В случае с Германом Раушнингом получилось иначе. Я знал Раушнинга, поскольку он часто приезжал в Рур, и многие считали полезной его активную деятельность в национал-социалистической партии. Особенно радовались мы тому, что столь здравомыслящий человек, как Раушнинг, занимал очень важный пост президента сената Данцига. В то время сенат сильно зависел от настроений, господствовавших в Лиге Наций[17], однако Раушнинг никому в Руре не сообщал о шаткости своих позиций. Сейчас, после прочтения его второй книги «Голос разрушения», я не понимаю, почему он никогда об этом не упоминал. Конечно, имея за плечами собственный опыт, я склонен думать, что это ничего бы не изменило.
Я воображал, что мои действия в интересах национал– социалистической партии останутся такими же случайными, как описанные выше. Главным образом меня интересовала организация экономической жизни либо в национал-социалистическом государстве, либо – за что выступал я – при сотрудничестве национал-социалистов и германских националистов. Проблема была очень важной, ибо предстояло решать, будут ли промышленность и экономика в целом управляться государством, а если нет, то какую роль будет играть государство в экономической жизни.
В конце XVIII и в начале XIX века главенствующая идея, унаследованная от Рикардо и Адама Смита, состояла в том, что торговля должна быть абсолютно свободной, а свободная торговля существенно связана с экономической жизнью. Однако либералы «выплеснули вместе с водой ребенка», в результате чего государство вопреки им захватывало все больший и больший контроль над экономическим процессом и даже создавало собственный бизнес. По моему мнению, результаты, достигнутые государством в роли управляющего, в целом были плохими. Бизнес опирается на частную инициативу, определяемую, с одной стороны, неизбежным риском, а с другой стороны, шансами на получение прибыли. Функция государства заключается в управлении, причем в управлении, коренным образом отличающемся от управления коммерческой деятельностью.

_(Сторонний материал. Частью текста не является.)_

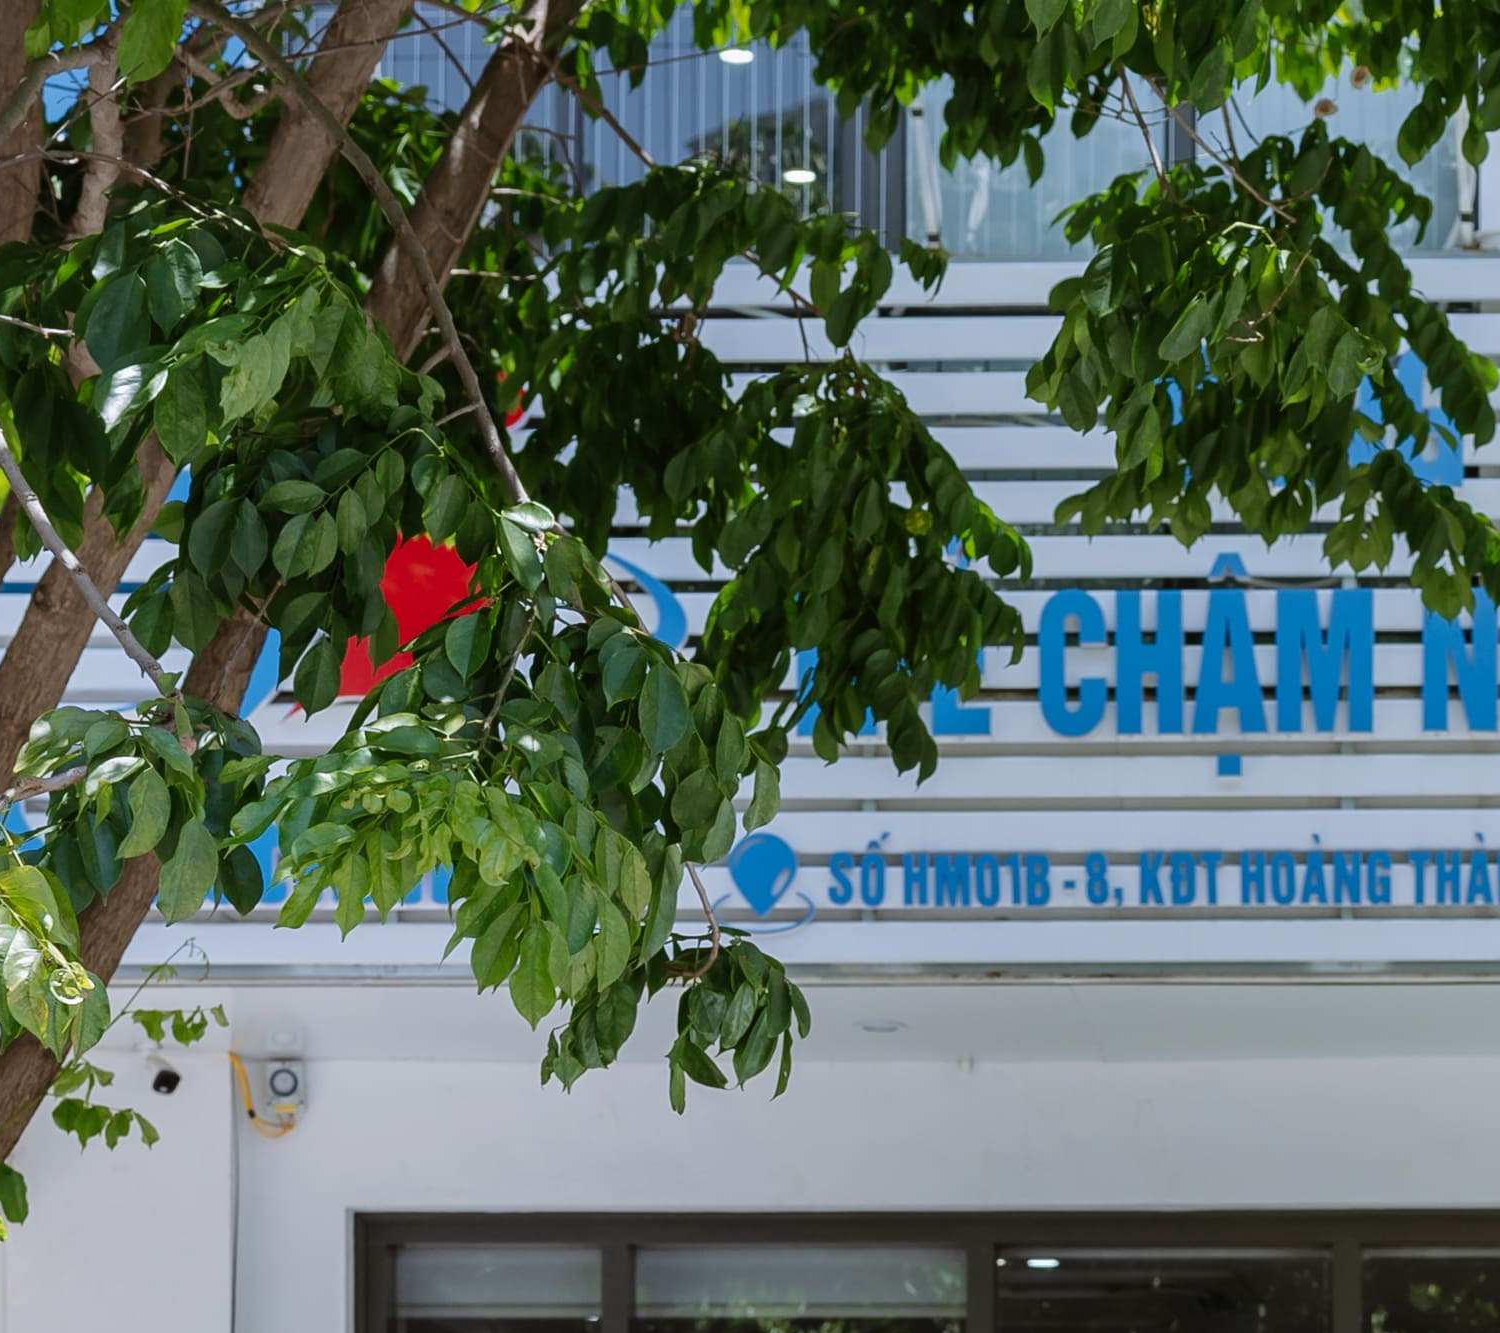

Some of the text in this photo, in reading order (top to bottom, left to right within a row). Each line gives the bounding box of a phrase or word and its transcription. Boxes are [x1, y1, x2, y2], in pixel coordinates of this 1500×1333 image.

Даже на железных дорогах, которые безусловно нельзя оставлять всецело в частных руках, ситуация при государственном управлении далеко не так блестяща, как часто считается в обществе. Примером могут служить немецкие железные дороги. Насколько я знаю французские железные дороги, частная собственность в этой сфере, несмотря на многие недостатки, привела к заметной модернизации. Например, во Франции больше механизированных товарных станций и французская сортировочная система гораздо больше автоматизирована. Из-за государственной собственности работе наших железных дорог недостает гибкости, а высокопоставленным чиновникам – чувства ответственности. Частный владелец должен принимать решения на свой страх и риск, чего никогда в той же мере не сможет сделать чиновник.
Похожая ситуация сложилась в газовых и электрических компаниях. Пожалуй, сейчас лучше всего управляются предприятия корпорации «Рейниш-Вестфалише электрицитетсверк», находящиеся в частных руках. Но здесь мы видим пример совершенно новой организации дела, созданной по инициативе покойного Хуго Штиннеса. Часть акций принадлежит отдельным капиталистам и нескольким крупным экономическим группам, а частью акций владеют муниципалитеты или общины, получающие энергию от этих предприятий. Представители муниципалитетов и общин заседают в совете директоров. В результате получается взаимовыгодное соревнование частных экономических интересов с одной стороны и общественных интересов городов и низших территориальных единиц самоуправления с другой, но лишь при условии, что эти интересы противоположны. Цель: гарантировать условия, при которых частные экономические интересы не наносят ущерба общественному благосостоянию. Окончательный надзор, безусловно, остается за правительством, то есть до тех пор, пока мы имеем экономическую систему, в которой не все поголовно частные предприятия национализированы государством.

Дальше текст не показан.